Go through the entries below and print each one exactly, leaving out pictures.
· · · · ·
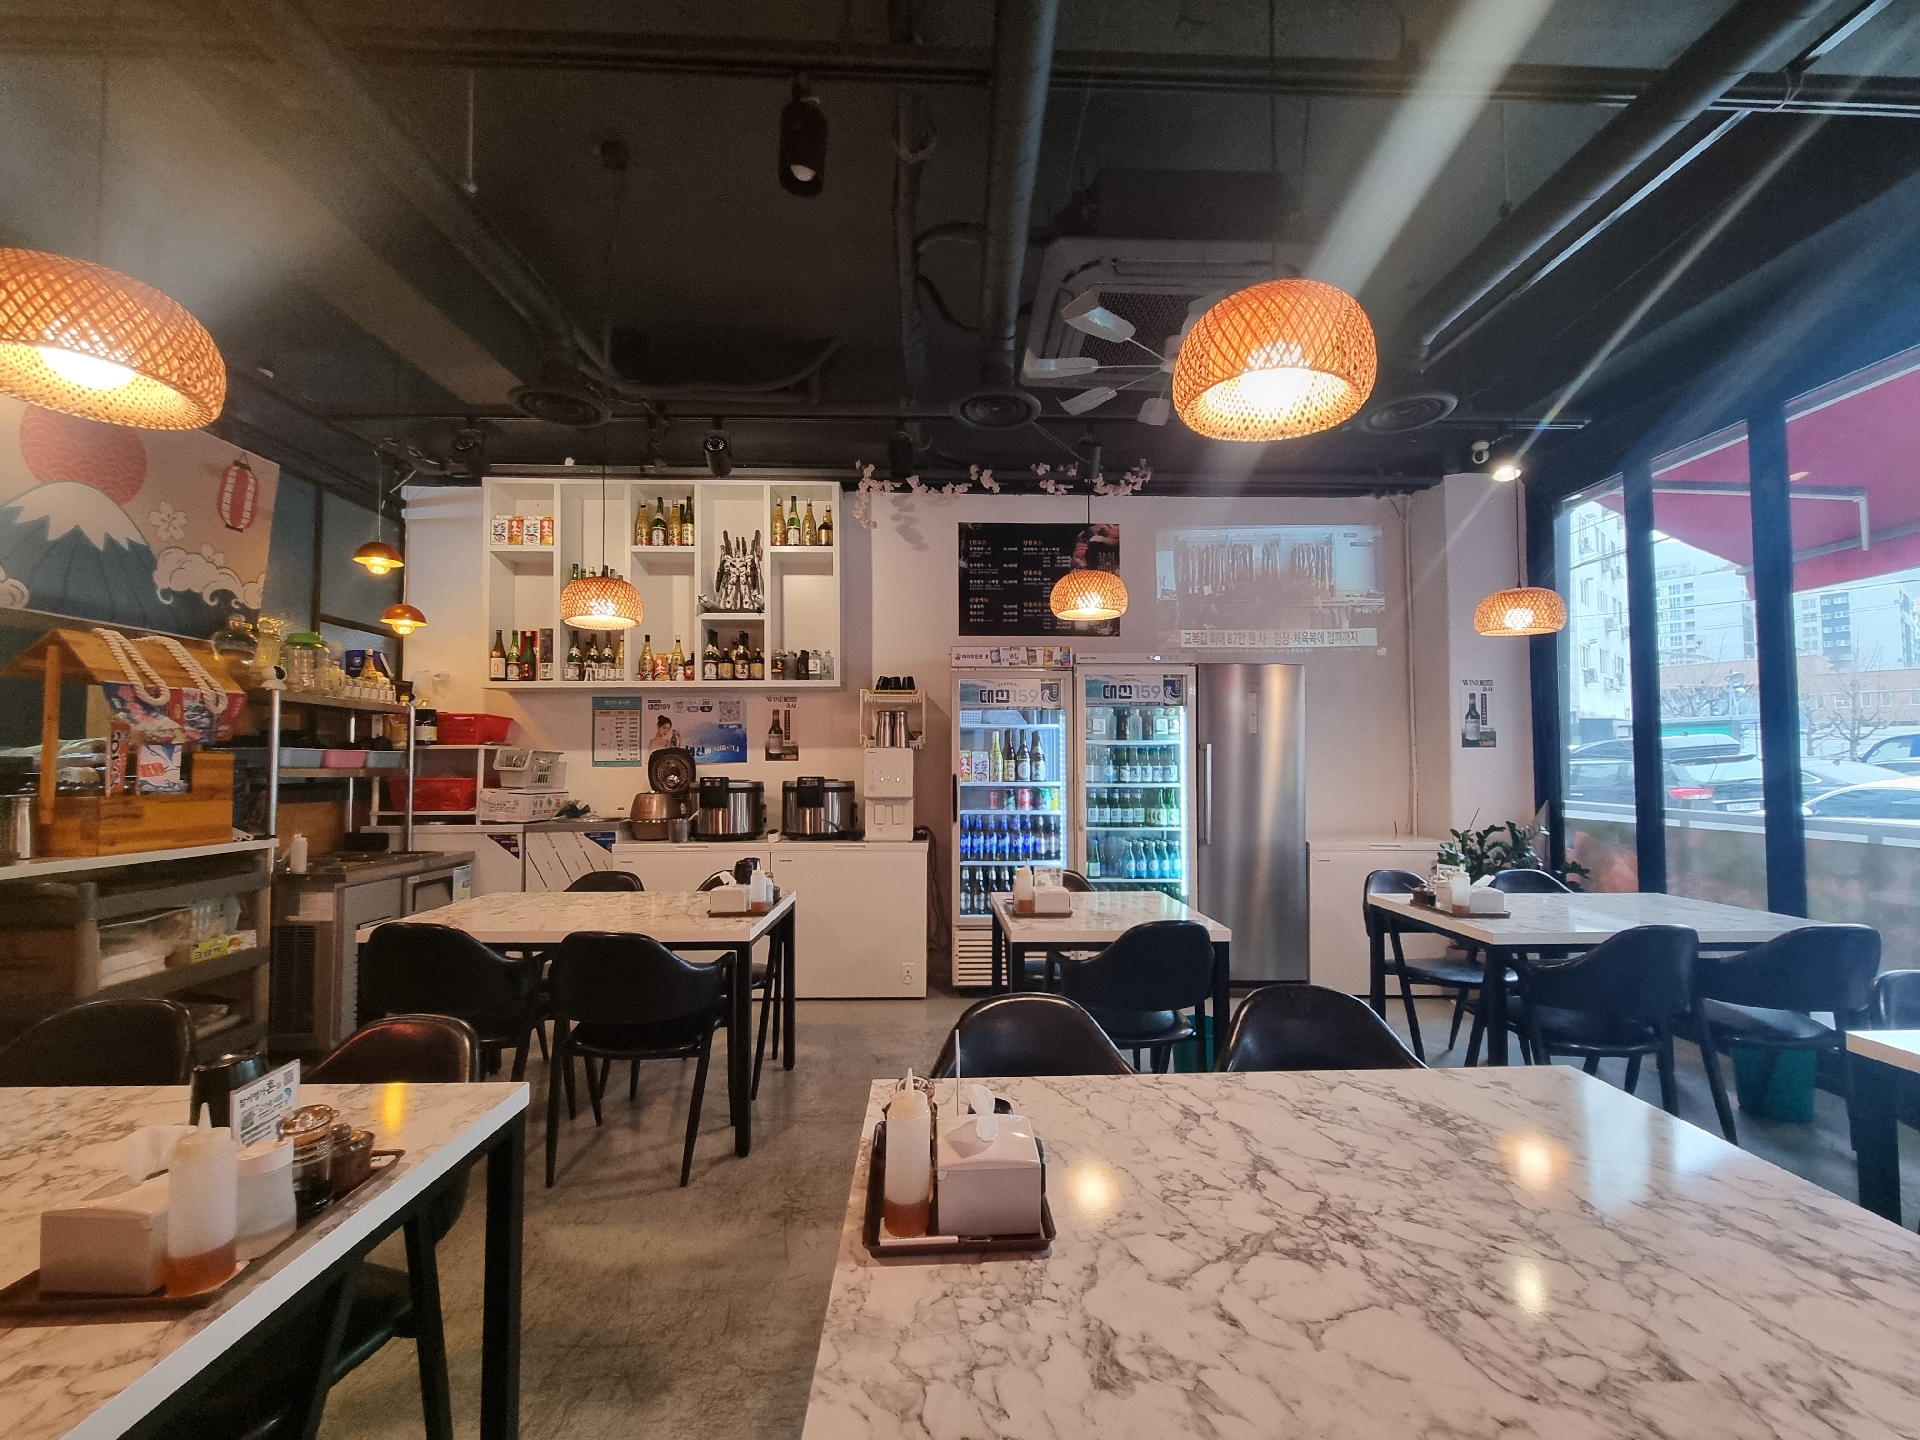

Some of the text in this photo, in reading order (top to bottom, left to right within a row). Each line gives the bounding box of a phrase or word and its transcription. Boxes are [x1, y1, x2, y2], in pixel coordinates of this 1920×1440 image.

[1183, 631, 1208, 646] 교복값
[1227, 631, 1246, 645] 87만
[979, 689, 1039, 704] 대선159
[1102, 684, 1161, 699] 대선159
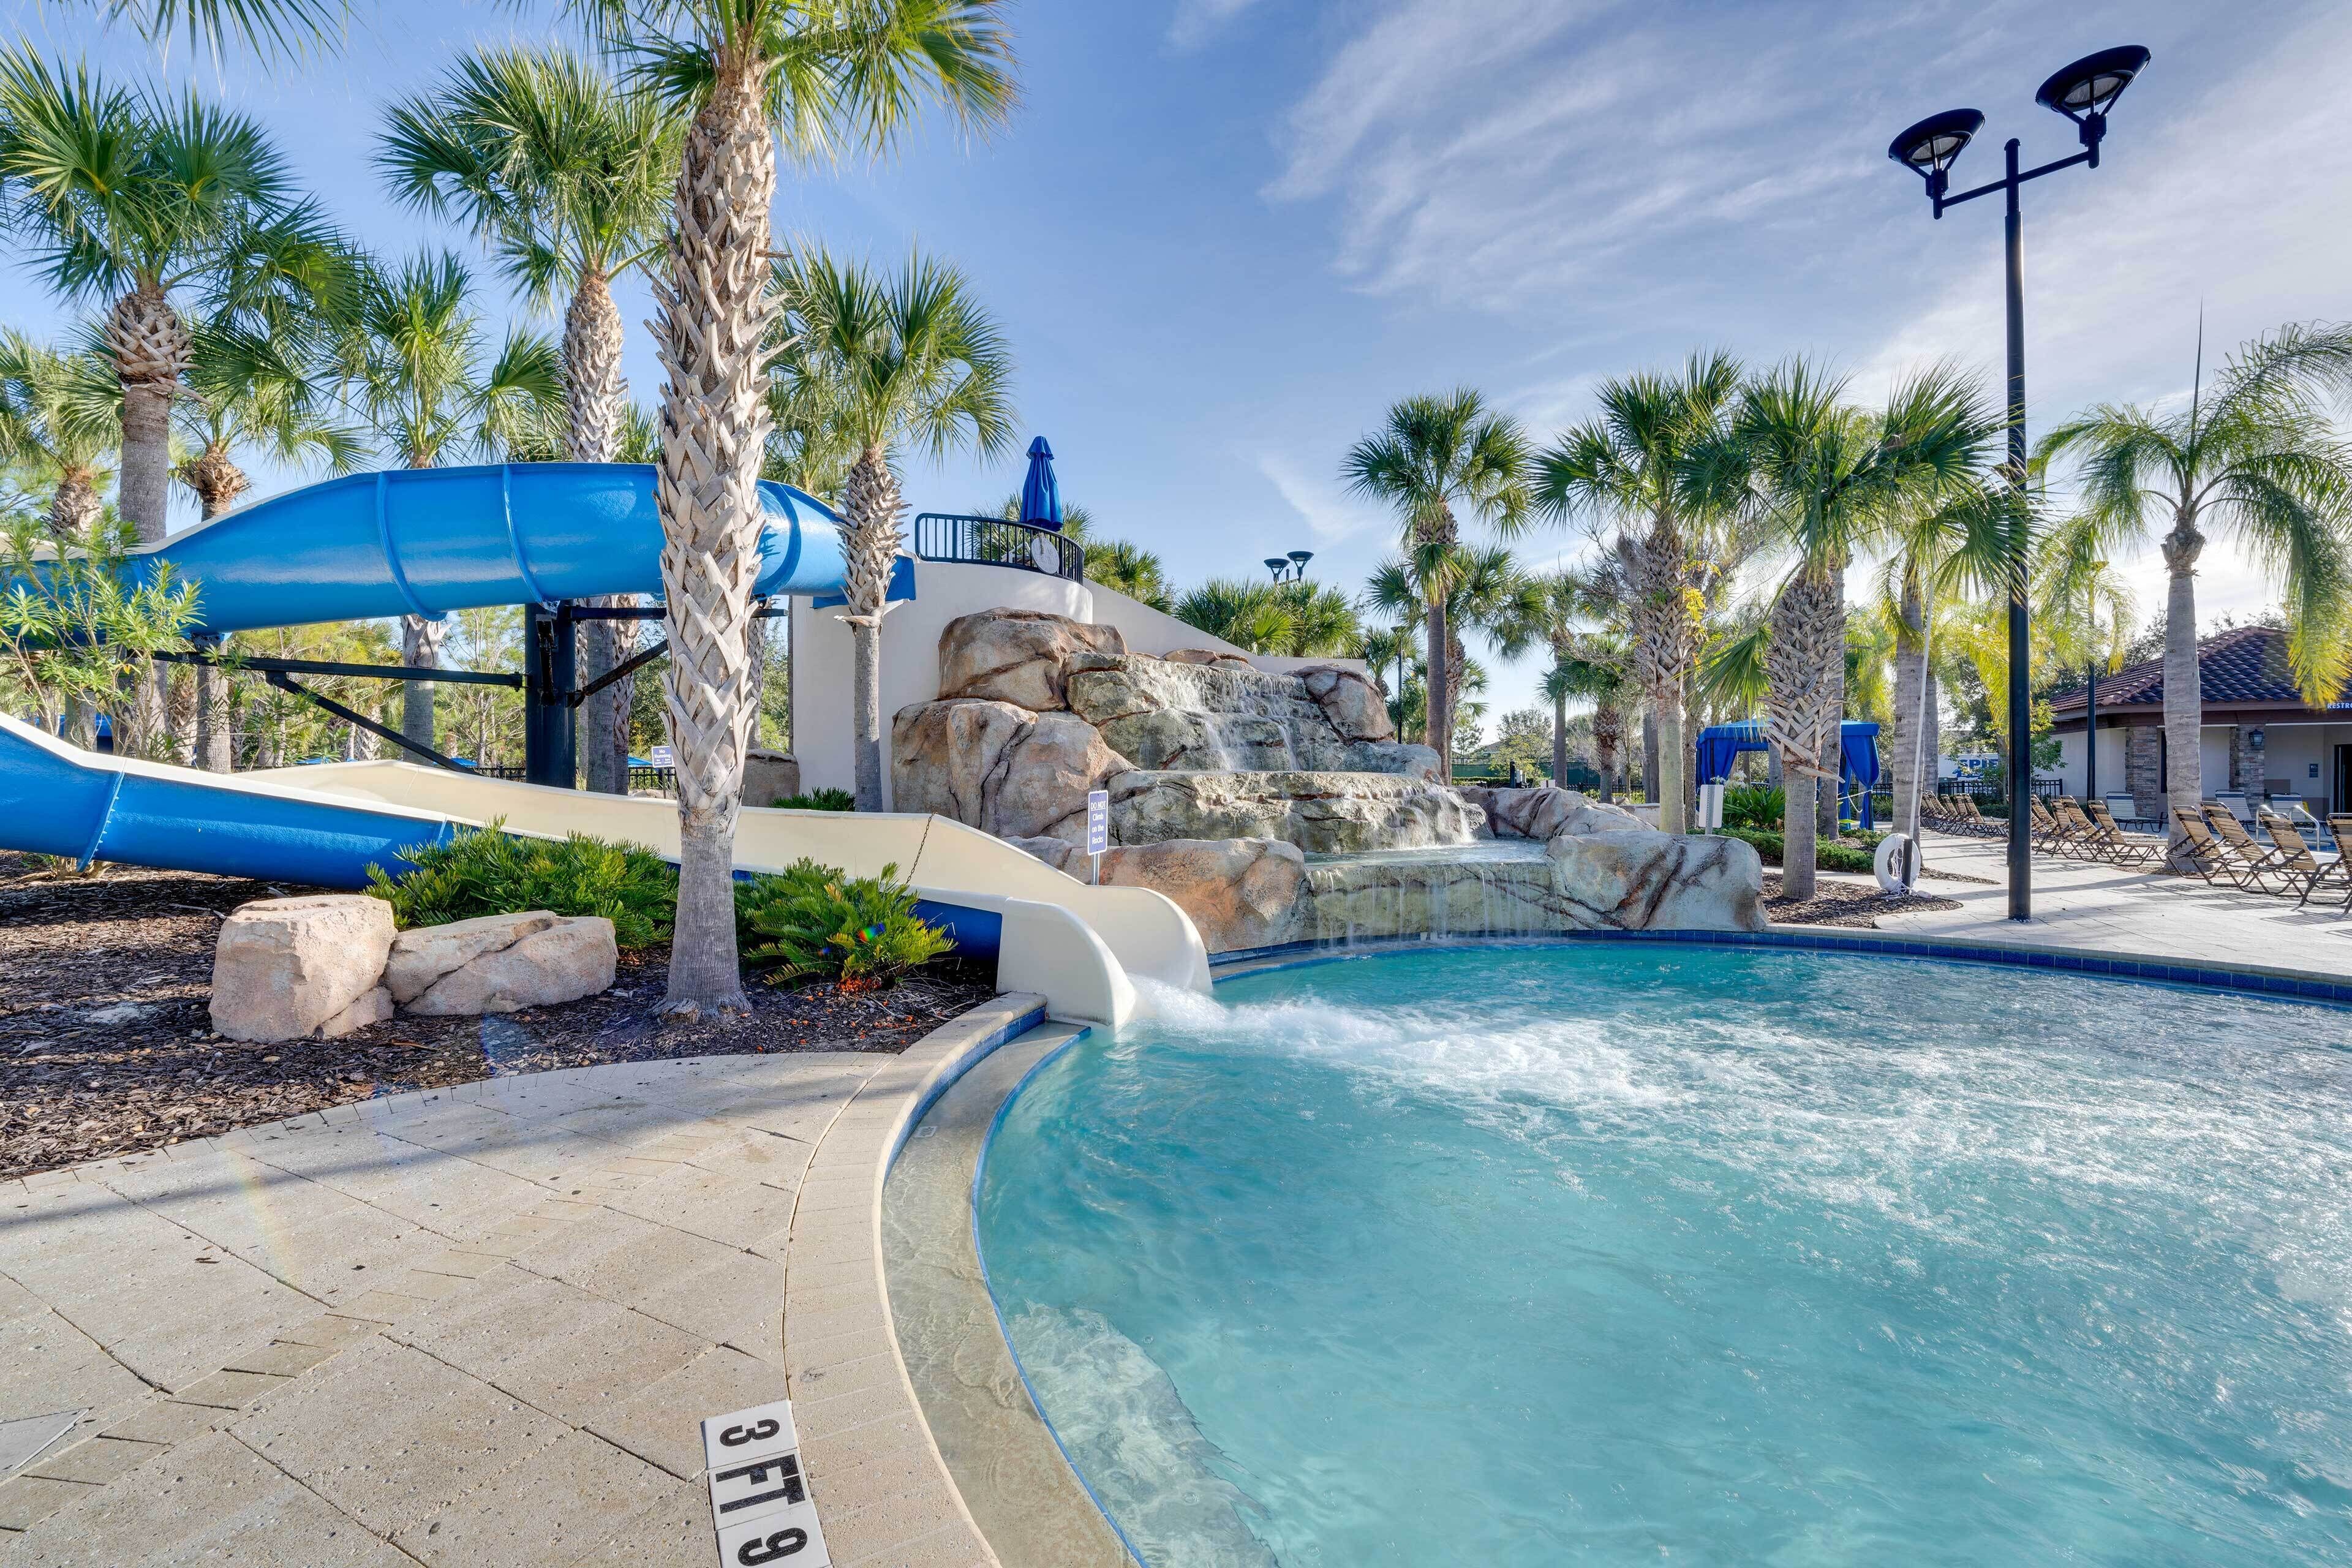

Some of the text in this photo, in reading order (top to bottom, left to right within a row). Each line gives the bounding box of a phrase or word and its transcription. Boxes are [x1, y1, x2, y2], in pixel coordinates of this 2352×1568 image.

[1097, 801, 1106, 809] NOT
[1091, 835, 1104, 845] Rocks
[719, 1419, 780, 1447] 3
[715, 1453, 806, 1515] FT
· · · · ·
Written answer -
Some of the text in this photo, in reading order (top to bottom, left to right within a row). Each line gives the bounding box of a phrase or word and its transcription. Boxes are [x1, y1, x2, y2], in pixel coordinates of this 1920×1440 image.

[1183, 631, 1208, 646] 교복값
[1227, 631, 1246, 645] 87만
[979, 689, 1039, 704] 대선159
[1102, 684, 1161, 699] 대선159

Some of the text in this photo, in reading order (top to bottom, left to right within a row). Each line gives the bounding box of a phrase or word and its transcription. Boxes are [x1, y1, x2, y2], in pixel coordinates of this 2352×1568 image.

[1097, 801, 1106, 809] NOT
[1091, 835, 1104, 845] Rocks
[719, 1419, 780, 1447] 3
[715, 1453, 806, 1515] FT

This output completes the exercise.